With initial production still expected come 2029, we note that the inclusion of the R840W orebody extended the total project’s LOM by almost three years while also increasing the LOM production figure to 91M lbs. Certain key points to stress are that Inferred resources have not been included in either the FS our calculations. Moreover, recall that both the R840W zone and the R780E zone remain open at depth and along the plunge to the east. Ample potential remains to grow the resource in those particular directions, potentially adding to the underground mine life. Additionally, remember that the R1515W and R1620E zones (at the current extremities of the drilling areas) also are excluded from the current mine plan. The entire 31,000 hectare PLS property currently hosts over 100 EM conductors and multiple exploration hotspots.

In terms of actual differences from the 2019 Pre-Feasibility Study to current Feasibility Study, the largest contributor to the increase in the projected economics is the LT uranium forecast, increasing by +30% and going from $50/lb to $65/lb. Though the capex figure (Direct costs + Indirect costs + Contingency and Owner’s costs) drops slightly from $1,177M to $1,155M, note that the LOM operating costs have increased by +36%, going from $9.57/lb in the PFS to the current $13.02/lb. Additional changes are displayed below:

Incorporating the new operational profile with an increased LOM along with lowered recoveries (going from 1.61% to 1.41%) while also factoring in the higher LOM mining costs per lb, our production and sensitivities have been updated to reflect the figures below. Note that our after-tax NPV8% estimate for Triple R went from $1.97 per share (pre-PFS) to the current $2.04 per share. Not entirely the big bump we were expecting from R840W inclusion. Ultimately, including the R840W orebody resulted in a pickup of 8.5M lbs produced not to mention a 36% increase in operating cost over LOM. The market was likely expecting much more. Back out of the +30% Feasibility Study long-term uranium price increase to $65 per lb and then you'll really see the impact.

We continue to view Fission Uranium’s Triple R deposit as a solid FS-level project in the Athabasca Basin, however not as of yet displaying the stronger economics as seen from peers Dension Mines' (DNN) Gryphon/Phoenix deposit and NexGen Energy' (NXE) Arrow deposit. Though the story is far from over, we were expecting somewhat of a stronger contribution to the overall project economics given the inclusion of the R840W orebody.

We feel that the discount to peer NAV is justified on two fronts:

1) Cost/Benefit analysis: Given the fact that the Triple R deposit will require the most capex per current production profile out of its peer group (Arrow and Gryphon/Phoenix), the discount to peers is more than justified. Keep in mind that Arrow currently has a C$1.5B FS projected capex for an 11 year LOM producing a total of approximately 220M lbs while Denison’s Gryphon/Phoenix projected $945M capex and is expected to produce over a 13 year LOM producing approximately 101M lbs.

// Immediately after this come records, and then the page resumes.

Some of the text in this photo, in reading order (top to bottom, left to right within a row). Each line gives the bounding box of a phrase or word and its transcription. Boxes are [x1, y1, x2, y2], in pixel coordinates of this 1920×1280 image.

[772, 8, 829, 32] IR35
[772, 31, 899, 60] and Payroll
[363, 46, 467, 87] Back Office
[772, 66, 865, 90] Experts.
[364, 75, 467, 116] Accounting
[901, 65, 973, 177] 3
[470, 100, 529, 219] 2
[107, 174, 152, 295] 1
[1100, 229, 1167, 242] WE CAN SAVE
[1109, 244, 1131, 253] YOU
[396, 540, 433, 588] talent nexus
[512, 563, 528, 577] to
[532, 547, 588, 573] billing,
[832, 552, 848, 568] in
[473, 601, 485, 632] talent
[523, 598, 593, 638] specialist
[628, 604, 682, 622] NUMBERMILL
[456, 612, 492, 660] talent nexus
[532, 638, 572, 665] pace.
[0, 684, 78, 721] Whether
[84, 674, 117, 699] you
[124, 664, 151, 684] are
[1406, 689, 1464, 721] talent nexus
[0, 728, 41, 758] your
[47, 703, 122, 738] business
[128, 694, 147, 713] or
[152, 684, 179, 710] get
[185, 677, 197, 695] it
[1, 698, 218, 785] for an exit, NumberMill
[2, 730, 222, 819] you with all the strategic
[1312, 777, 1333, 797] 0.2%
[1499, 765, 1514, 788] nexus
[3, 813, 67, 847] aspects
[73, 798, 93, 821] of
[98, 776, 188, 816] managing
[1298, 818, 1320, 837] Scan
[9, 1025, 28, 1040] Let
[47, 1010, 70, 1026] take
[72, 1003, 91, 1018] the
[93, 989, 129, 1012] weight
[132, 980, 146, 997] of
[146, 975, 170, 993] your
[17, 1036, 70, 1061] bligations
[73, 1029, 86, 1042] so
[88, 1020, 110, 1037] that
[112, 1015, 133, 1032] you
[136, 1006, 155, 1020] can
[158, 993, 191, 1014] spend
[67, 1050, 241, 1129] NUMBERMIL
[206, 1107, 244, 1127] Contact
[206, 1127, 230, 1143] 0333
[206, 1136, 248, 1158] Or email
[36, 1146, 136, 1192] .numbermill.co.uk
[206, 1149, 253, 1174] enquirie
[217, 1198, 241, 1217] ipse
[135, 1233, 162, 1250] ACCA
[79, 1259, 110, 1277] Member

2) Increasing scrutiny on Chinese SOEs: Seeing that the Federal government of Canada recently ordered certain Chinese companies to divest their stakes in lithium companies with assets located in Canada, we feel that a renewed emphasis on Chinese State Owned Enterprises (SOEs) with assets in Canada may become more of an issue, specifically in the area of critical Canadian minerals deemed crucial to national security. Recall that Chinese SOE China General Mining (CGN) currently holds a 14.2% stake in Fission Uranium, a holding they have maintained since December 2015.

Going forward, we expect the filing of an Environmental Impact Statement (EIS) sometime later this year. That said, within the Athabasca Basin we continue to rank the attractiveness of Triple R behind that of Denison Mines' Phoenix/Gryphon and NexGen Energy's Arrow.